Extracted information:
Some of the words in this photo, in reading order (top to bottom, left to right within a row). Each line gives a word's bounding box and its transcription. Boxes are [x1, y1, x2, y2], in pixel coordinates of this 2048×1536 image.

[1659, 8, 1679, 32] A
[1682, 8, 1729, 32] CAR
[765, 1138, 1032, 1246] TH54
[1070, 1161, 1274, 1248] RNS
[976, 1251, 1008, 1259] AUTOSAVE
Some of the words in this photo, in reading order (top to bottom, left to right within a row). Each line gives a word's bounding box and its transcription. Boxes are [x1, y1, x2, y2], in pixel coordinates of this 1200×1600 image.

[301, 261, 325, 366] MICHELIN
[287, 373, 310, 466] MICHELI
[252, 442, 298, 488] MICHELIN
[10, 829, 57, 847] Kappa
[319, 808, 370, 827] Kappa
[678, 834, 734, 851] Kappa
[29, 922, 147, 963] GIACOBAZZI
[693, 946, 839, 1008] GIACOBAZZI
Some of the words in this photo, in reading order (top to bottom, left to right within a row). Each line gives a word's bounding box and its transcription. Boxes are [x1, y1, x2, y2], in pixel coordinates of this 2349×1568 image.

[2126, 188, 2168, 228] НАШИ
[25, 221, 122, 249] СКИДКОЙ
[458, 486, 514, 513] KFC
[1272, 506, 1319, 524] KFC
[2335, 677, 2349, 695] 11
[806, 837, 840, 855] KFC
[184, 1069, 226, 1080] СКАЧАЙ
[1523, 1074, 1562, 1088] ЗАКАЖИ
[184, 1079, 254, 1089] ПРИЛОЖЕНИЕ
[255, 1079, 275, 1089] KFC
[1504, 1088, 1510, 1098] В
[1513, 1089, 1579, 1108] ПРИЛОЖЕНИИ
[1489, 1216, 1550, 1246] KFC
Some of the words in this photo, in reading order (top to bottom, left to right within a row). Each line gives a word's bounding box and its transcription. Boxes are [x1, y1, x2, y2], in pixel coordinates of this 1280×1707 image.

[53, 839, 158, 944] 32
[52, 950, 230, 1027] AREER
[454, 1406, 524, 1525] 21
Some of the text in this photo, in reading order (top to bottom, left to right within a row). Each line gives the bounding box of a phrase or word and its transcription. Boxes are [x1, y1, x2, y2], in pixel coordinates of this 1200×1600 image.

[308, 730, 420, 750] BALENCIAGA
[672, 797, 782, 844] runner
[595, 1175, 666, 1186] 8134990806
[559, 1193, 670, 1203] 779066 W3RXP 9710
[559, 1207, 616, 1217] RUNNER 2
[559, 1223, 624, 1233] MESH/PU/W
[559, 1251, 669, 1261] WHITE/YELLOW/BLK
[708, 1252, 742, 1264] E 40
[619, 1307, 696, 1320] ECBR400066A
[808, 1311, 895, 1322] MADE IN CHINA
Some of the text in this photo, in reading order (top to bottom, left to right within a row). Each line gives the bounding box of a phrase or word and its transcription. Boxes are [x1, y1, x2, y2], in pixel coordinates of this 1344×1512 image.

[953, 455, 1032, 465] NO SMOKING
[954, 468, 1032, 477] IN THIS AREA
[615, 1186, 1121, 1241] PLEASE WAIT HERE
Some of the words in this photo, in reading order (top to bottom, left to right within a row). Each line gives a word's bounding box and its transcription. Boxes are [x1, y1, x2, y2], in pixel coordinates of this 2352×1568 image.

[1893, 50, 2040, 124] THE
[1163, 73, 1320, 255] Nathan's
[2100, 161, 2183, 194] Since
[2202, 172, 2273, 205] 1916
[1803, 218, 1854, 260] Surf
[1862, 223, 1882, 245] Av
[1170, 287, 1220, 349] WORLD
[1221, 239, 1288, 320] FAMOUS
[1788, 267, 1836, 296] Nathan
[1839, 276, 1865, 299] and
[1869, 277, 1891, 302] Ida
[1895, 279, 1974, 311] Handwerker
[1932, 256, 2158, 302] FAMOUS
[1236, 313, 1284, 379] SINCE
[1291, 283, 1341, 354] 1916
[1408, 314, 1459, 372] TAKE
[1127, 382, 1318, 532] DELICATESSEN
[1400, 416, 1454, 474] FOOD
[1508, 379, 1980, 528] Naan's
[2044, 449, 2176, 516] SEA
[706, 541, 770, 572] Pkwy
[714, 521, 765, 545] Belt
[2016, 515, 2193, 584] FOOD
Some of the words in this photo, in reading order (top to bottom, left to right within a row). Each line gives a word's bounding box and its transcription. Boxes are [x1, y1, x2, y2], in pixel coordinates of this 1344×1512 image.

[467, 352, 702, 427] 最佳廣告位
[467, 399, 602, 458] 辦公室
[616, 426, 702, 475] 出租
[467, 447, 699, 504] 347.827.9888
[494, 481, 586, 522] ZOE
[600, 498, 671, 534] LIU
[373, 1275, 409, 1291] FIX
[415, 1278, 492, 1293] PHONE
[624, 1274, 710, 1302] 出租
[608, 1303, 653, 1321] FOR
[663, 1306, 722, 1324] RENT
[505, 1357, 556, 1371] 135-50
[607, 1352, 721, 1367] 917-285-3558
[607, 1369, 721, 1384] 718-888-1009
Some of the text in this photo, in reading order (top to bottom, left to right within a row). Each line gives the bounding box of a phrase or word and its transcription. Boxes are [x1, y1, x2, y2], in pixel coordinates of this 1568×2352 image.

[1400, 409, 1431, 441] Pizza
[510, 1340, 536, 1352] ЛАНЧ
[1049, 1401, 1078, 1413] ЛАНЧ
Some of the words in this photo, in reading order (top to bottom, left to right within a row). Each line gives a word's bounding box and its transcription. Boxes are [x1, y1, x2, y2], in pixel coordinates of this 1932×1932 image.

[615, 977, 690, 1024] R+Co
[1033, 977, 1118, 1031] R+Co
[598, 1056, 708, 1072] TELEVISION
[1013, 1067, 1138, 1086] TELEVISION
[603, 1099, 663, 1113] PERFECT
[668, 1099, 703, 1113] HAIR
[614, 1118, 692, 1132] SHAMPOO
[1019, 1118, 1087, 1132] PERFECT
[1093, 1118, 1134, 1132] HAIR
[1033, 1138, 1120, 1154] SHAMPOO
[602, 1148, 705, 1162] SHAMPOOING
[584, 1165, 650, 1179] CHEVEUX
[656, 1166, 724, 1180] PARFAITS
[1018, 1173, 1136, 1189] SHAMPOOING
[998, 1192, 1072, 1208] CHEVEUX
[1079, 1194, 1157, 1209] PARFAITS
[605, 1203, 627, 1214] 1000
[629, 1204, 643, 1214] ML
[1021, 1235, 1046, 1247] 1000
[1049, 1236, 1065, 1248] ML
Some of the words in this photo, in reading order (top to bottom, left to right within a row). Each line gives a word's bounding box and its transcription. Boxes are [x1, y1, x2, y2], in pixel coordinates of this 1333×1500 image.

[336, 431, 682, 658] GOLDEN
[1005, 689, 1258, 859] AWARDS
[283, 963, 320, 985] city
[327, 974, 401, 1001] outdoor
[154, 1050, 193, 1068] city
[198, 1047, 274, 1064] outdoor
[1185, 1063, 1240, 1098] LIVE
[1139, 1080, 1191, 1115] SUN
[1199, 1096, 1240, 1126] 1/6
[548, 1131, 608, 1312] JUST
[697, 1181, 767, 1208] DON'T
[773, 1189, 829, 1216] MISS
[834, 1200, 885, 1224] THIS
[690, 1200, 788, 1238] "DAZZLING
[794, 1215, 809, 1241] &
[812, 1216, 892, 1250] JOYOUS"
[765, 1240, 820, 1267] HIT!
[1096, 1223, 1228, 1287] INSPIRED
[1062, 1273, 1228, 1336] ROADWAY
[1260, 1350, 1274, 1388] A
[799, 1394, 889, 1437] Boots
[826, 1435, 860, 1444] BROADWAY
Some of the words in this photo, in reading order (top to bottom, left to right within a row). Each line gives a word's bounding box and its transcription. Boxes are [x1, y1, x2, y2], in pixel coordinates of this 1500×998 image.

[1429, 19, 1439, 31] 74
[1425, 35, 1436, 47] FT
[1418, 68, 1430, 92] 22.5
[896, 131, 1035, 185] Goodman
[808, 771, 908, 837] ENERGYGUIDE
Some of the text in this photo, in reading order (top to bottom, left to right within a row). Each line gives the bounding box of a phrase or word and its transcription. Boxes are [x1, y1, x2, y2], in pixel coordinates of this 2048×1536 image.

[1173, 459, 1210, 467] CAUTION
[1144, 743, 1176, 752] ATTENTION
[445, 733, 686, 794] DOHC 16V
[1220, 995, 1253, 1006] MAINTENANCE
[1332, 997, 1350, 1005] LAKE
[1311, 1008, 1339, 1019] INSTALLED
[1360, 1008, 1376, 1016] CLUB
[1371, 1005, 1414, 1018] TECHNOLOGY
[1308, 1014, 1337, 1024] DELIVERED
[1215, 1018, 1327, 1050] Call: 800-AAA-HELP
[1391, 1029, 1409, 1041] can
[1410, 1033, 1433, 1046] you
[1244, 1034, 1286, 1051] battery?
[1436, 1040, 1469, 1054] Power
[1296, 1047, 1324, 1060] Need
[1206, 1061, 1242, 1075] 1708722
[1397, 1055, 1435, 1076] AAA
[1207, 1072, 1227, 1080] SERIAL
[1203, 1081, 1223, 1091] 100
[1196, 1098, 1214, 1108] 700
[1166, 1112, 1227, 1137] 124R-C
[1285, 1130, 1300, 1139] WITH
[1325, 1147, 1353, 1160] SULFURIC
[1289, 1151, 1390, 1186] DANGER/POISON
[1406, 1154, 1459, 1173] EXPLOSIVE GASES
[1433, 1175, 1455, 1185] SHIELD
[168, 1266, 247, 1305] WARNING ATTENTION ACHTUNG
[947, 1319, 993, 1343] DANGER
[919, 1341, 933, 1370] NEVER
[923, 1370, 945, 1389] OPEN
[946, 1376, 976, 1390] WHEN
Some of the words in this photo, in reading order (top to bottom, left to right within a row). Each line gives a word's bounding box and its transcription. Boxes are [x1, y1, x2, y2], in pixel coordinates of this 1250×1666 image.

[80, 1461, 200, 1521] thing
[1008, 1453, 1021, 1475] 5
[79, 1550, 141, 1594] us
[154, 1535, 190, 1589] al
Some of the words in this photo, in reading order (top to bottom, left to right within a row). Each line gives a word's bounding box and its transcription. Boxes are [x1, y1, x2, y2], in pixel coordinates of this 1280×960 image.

Work order: Starting at the line that contains "this 1250×1666 image.", write out every line to the end of the entries, exactly as given.

Task result:
Some of the words in this photo, in reading order (top to bottom, left to right within a row). Each line gives a word's bounding box and its transcription. Boxes are [x1, y1, x2, y2], in pixel coordinates of this 1250×1666 image.

[80, 1461, 200, 1521] thing
[1008, 1453, 1021, 1475] 5
[79, 1550, 141, 1594] us
[154, 1535, 190, 1589] al
Some of the words in this photo, in reading order (top to bottom, left to right within a row). Each line gives a word's bounding box and its transcription. Boxes are [x1, y1, x2, y2], in pixel coordinates of this 1280×960 image.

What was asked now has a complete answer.